Além do filho mais velho, a nora Fernanda Antunes Figueira Bolsonaro (mãe de duas netas do presidente)e a ex-mulher Ana Cristina Siqueira Valle (mãe do filho Renan Bolsonaro) são investigadas. A primeira-dama, Michelle Bolsonaro, teve o nome envolvido nas investigações. A atual mulher não foi alvo do inquérito do Ministério Público do Rio, mas a quebra de sigilo bancário dos investigados revelou depósitos em sua conta – no valor total de R$ 89 mil – vinculados a Fabrício Queiroz, o ex-assessor de Flávio na Alerj e acusado pelos promotores de ser o principal operador dos desvios e da lavagem do dinheiro.
A Quinta Turma do STJ deve julgar nesta terça-feira, 2, mais dois recursos da defesa de Flávio Bolsonaro, que buscam a nulidade total do processo investigatório. Os advogados do senador pedem a invalidação do relatório do Coaf, origem do procedimento de investigação do MP – revelado com exclusividade pelo Estadão -, e a anulação de todos os atos do juiz da primeira instância, Flávio Itabaiana.
Se os pedidos forem aceitos pelo colegiado, não só a primeira denúncia do caso, apresentada em novembro à Justiça, como as provas levantadas pelo MP em dois anos de apuração deixarão, na prática, de valer legalmente. Livrando o filho mais velho do presidente, sua nora, o amigo Queiroz, suas filhas e os primeiros denunciados.

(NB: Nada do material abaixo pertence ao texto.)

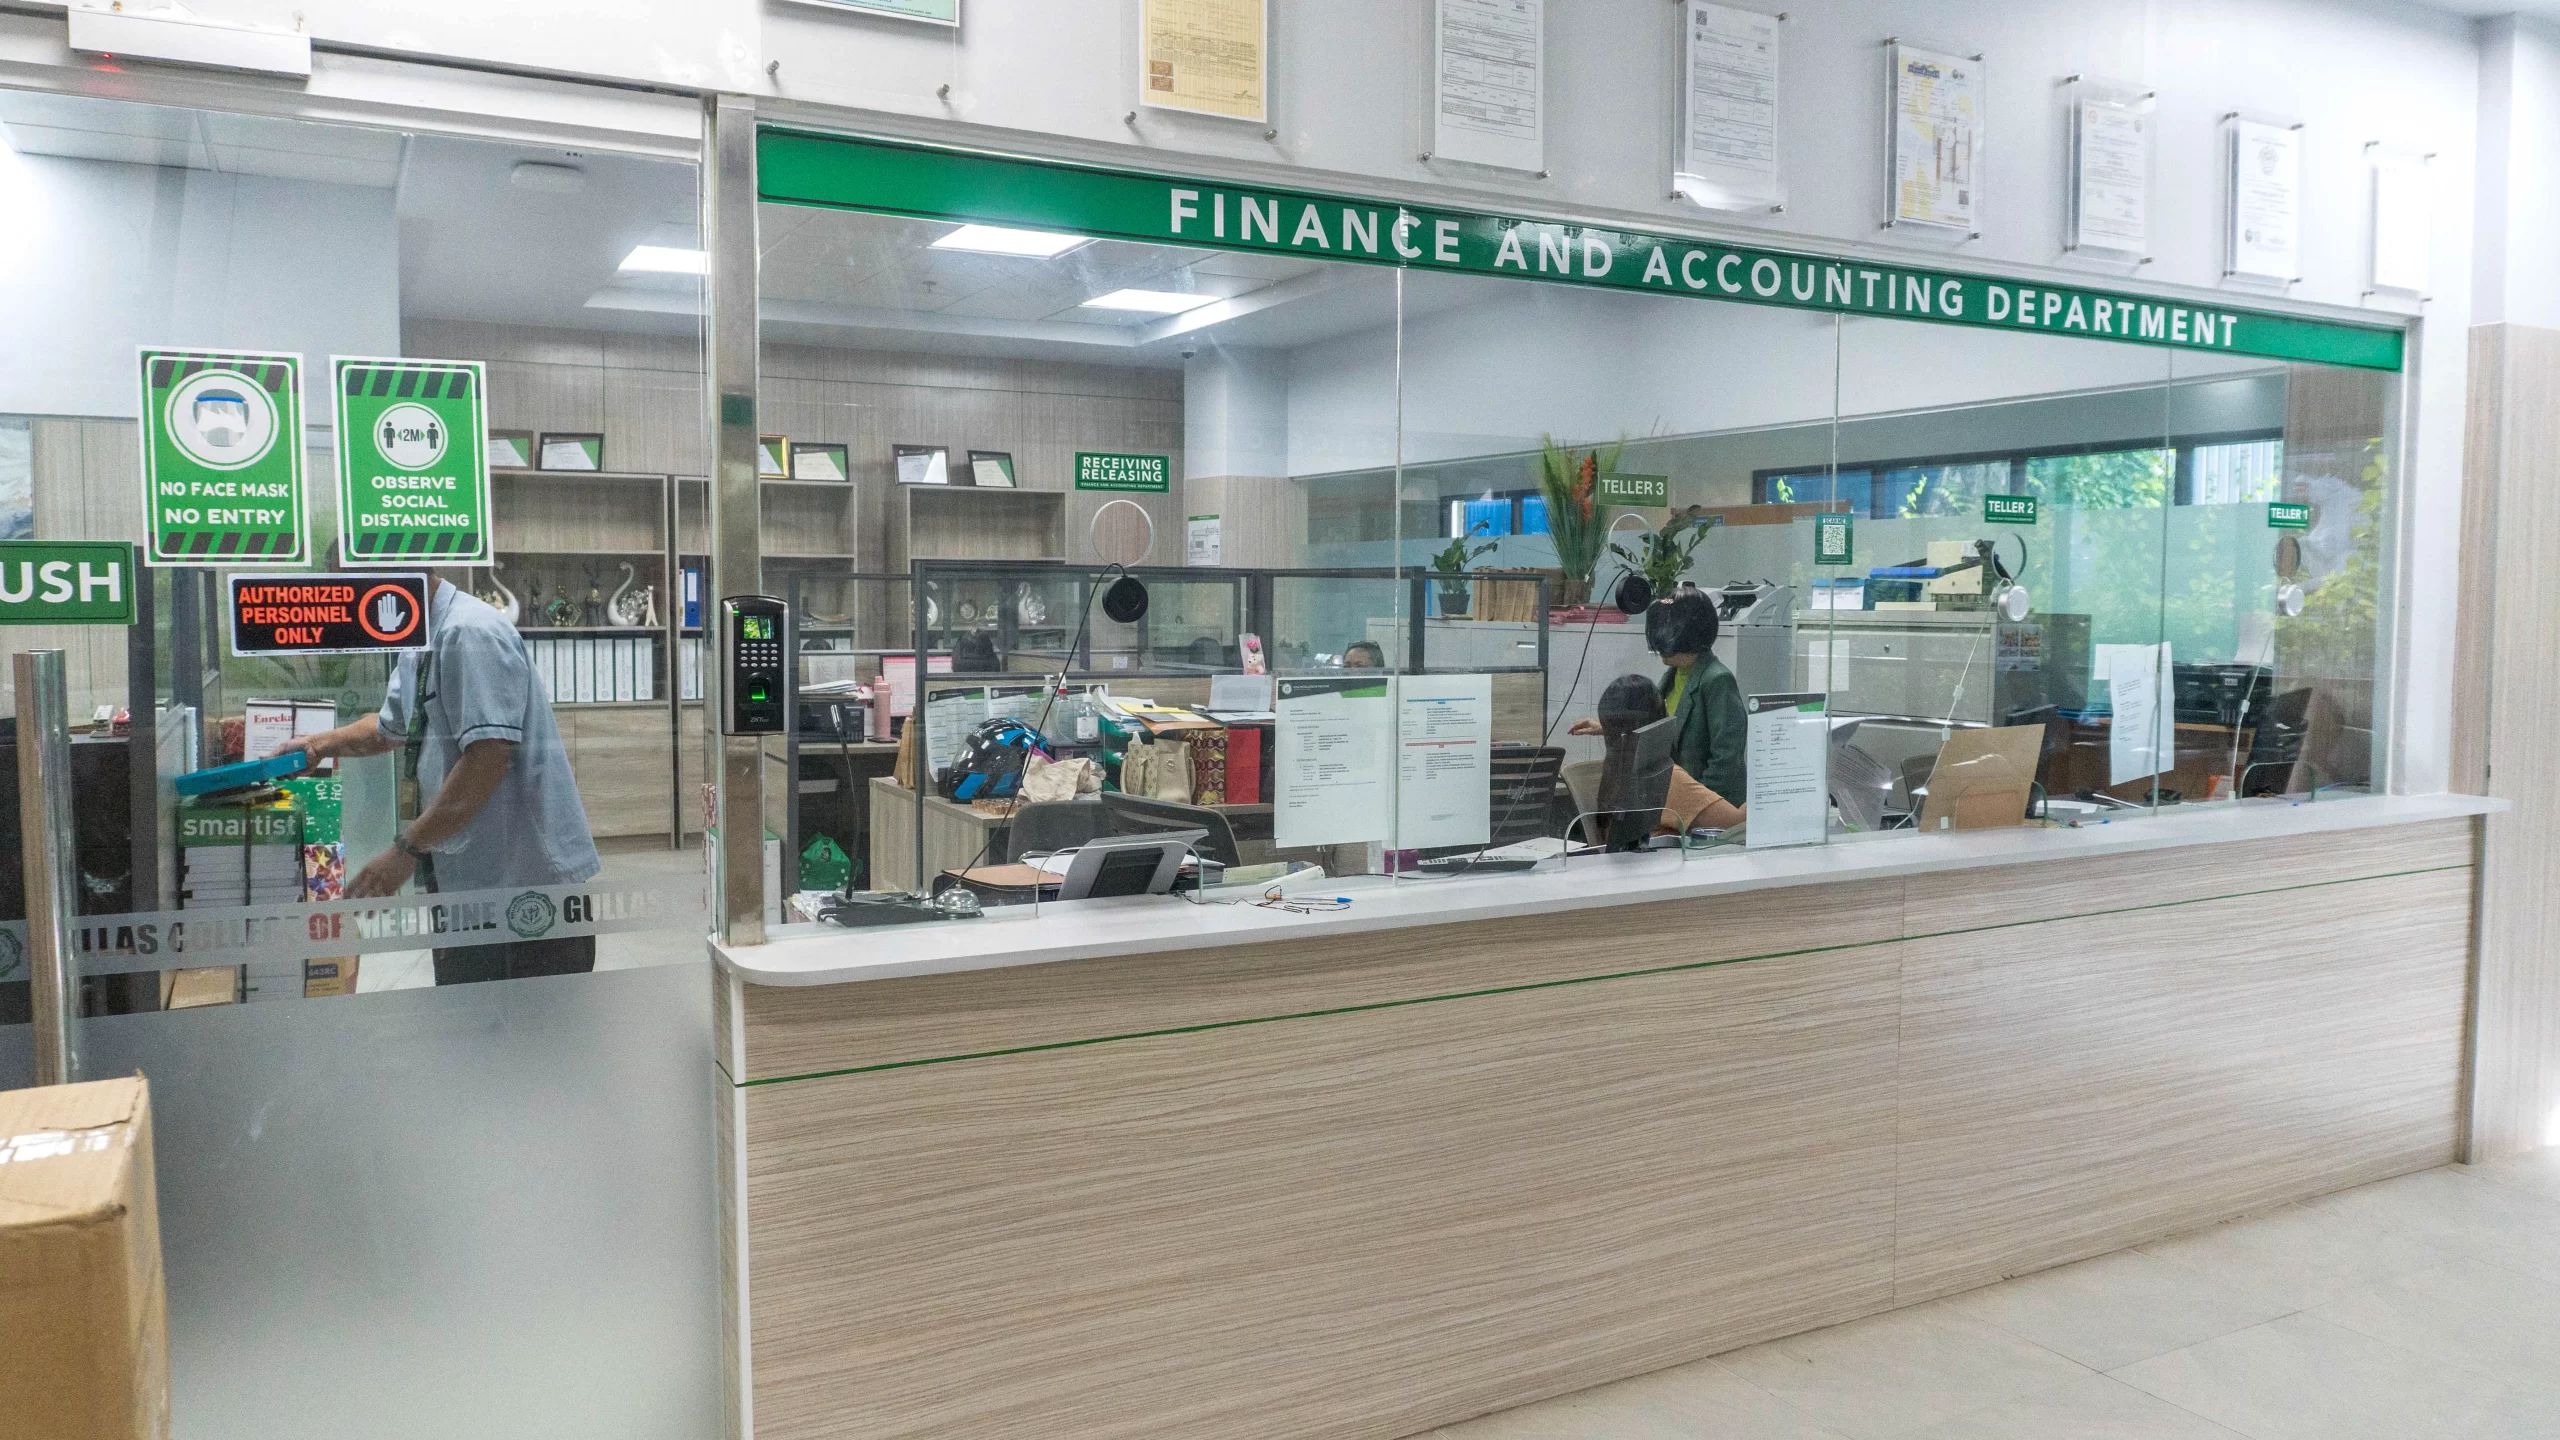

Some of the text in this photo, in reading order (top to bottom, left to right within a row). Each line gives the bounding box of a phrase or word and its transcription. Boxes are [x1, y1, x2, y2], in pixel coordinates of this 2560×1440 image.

[1171, 187, 2239, 347] FINANCE AND ACCOUNTING DEPARTMENT
[403, 428, 420, 442] 2M
[1082, 456, 1162, 471] RECEIVING
[371, 475, 457, 490] OBSERVE
[1081, 468, 1163, 482] RELEASING
[160, 481, 289, 498] NO FACE MASK
[1602, 479, 1665, 497] TELLER 3
[381, 494, 449, 509] SOCIAL
[1988, 500, 2034, 514] TELLER 2
[165, 508, 286, 525] NO ENTRY
[360, 513, 470, 527] DISTANCING
[2270, 507, 2308, 520] TELLER 1
[0, 561, 121, 603] USH
[238, 586, 355, 605] AUTHORIZED
[241, 605, 352, 625] PERSONNEL
[274, 627, 325, 645] ONLY
[183, 816, 296, 836] smartist

Em decisão da maioria – com destaque para o voto de vista do ministro João Otávio de Noronha –, a Quinta Turma acatou na semana passada um primeiro recurso da defesa de Flávio, anulando a base de prova principal da primeira denúncia do caso: a quebra dos sigilos fiscal e bancários dos acusados.

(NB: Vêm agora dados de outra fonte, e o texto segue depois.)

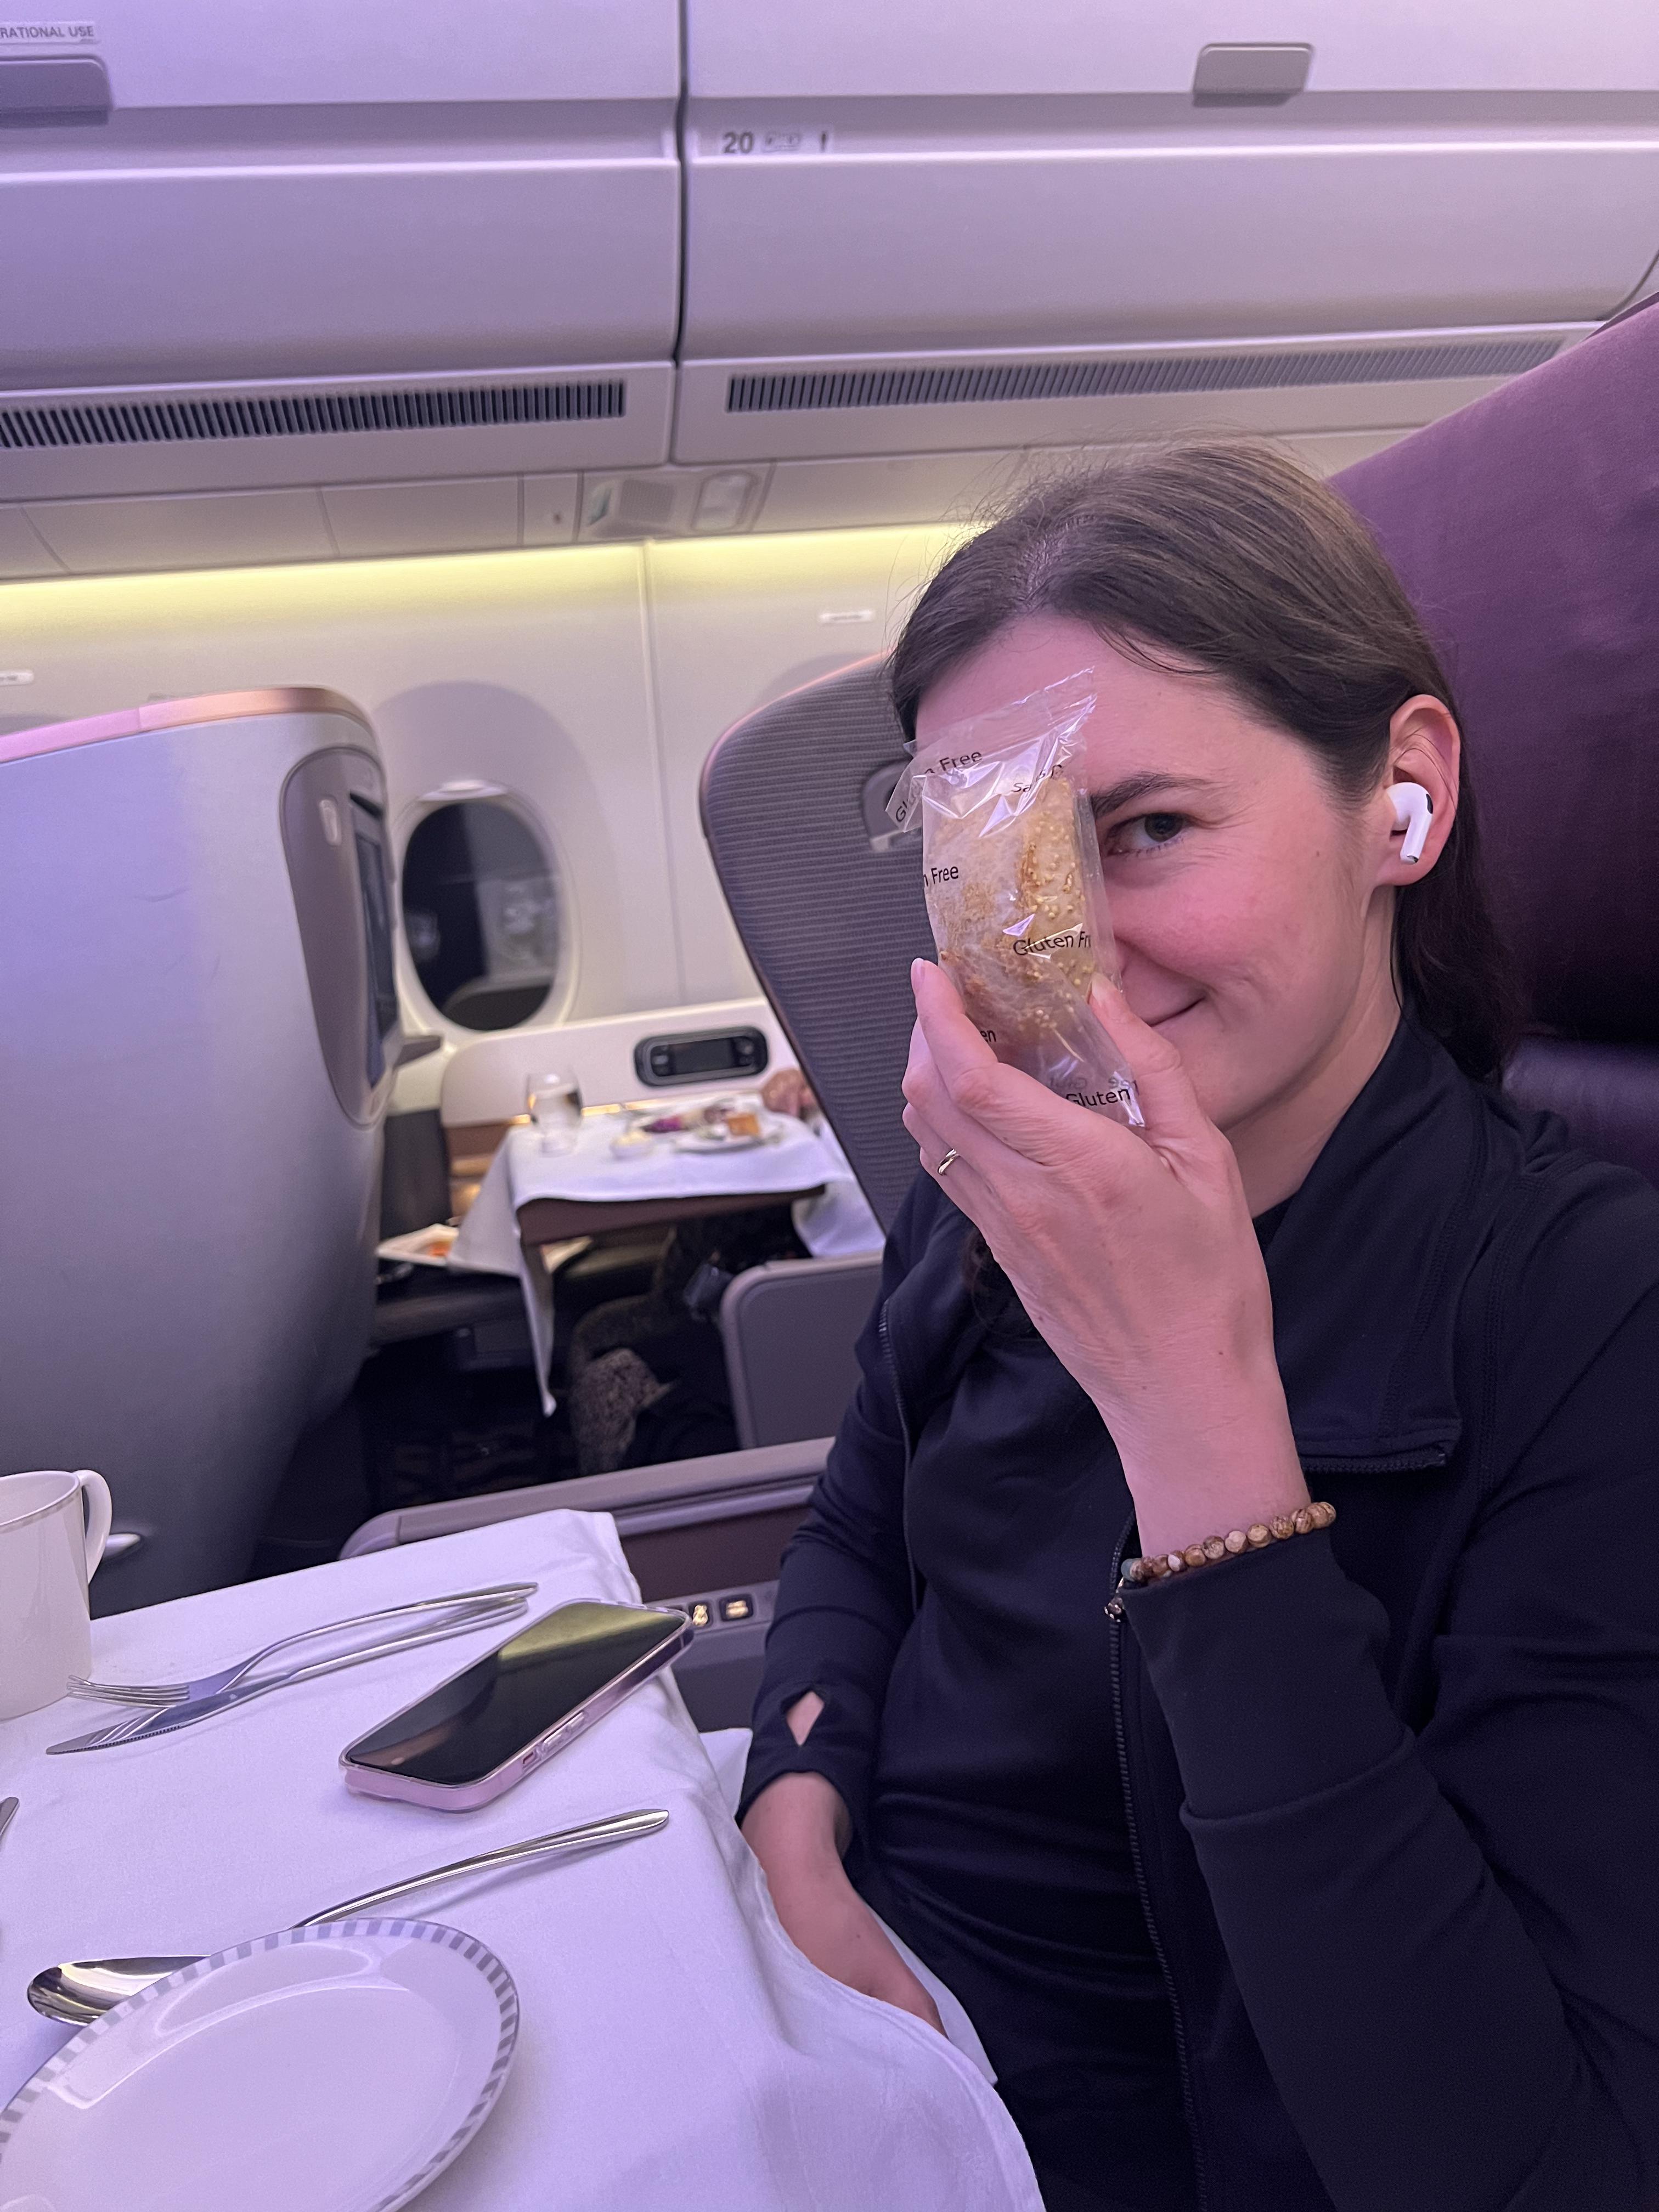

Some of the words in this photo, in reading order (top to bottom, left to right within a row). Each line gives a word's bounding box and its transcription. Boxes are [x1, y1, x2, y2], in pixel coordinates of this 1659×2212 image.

[0, 26, 65, 38] RATIONAL
[68, 26, 94, 37] USE
[722, 131, 754, 154] 20
[939, 750, 983, 771] Free
[931, 866, 959, 885] Free
[1013, 935, 1074, 956] Gluten
[1066, 1088, 1131, 1107] Gluten

À partir do voto de Noronha, outros três ministros do colegiado derrubaram o entendimento do relator, ministro Félix Fischer, que se declarou contra o pedido da defesa do senador – mesmo entendimento já dado pelo Tribunal de Justiça do Rio e pelo parecer da Procuradoria-Geral da República (PGR).
O relator do caso no STJ havia negado os recursos da defesa de Flávio Bolsonaro, que buscavam rever decisão negativa do TJ do Rio nos pedidos. Em seus votos, o ministro considerou que a quebra dos sigilos, o uso dos relatório do Coaf nas apurações e os atos do juiz da primeira instância foram válidos. Sobre a decisão da semana passada, Félix Fischer argumentou que há muito a Corte aceita decisões sucintas como a de Itabaiana, derrubada pelo colegiado.
Fatiamento. A anulação da denúncia e dos atos do juiz da primeira instância pode, direta ou indiretamente, gerar um efeito dominó, derrubando outras investigações ainda sigilosas do caso, que envolvem o clã Bolsonaro e pessoas ligadas a eles. É que o MP decidiu fatiar as apurações e apresentar acusações separadas contra núcleos e crimes específicos. Foram abertos ainda, nesses quase três anos de apuração, outros procedimentos e recolhidos dados ainda sob análise, que levarão a novas frentes de descobertas.
A denúncia inicial de 400 páginas contra Flávio Bolsonaro registra em mais de um trecho a estratégia do MP. Nela, os promotores avisam: a acusação era feita “sem esgotar o objeto” do procedimento originário das apurações. “(A apuração) prosseguirá em autos desmembrados para apurar a prática de outros fatos delituosos e responsabilizar os demais coautores ou partícipes da organização criminosa.”
Efeito. A reportagem do Estadão ouviu investigadores e pessoas relacionadas ao inquérito, que avaliam que a nulidade da denúncia contra Flávio Bolsonaro e provas essenciais como a quebra de sigilo bancário e fiscal dos alvos levará, em cadeia, uma série de outras investigações para a estaca zero.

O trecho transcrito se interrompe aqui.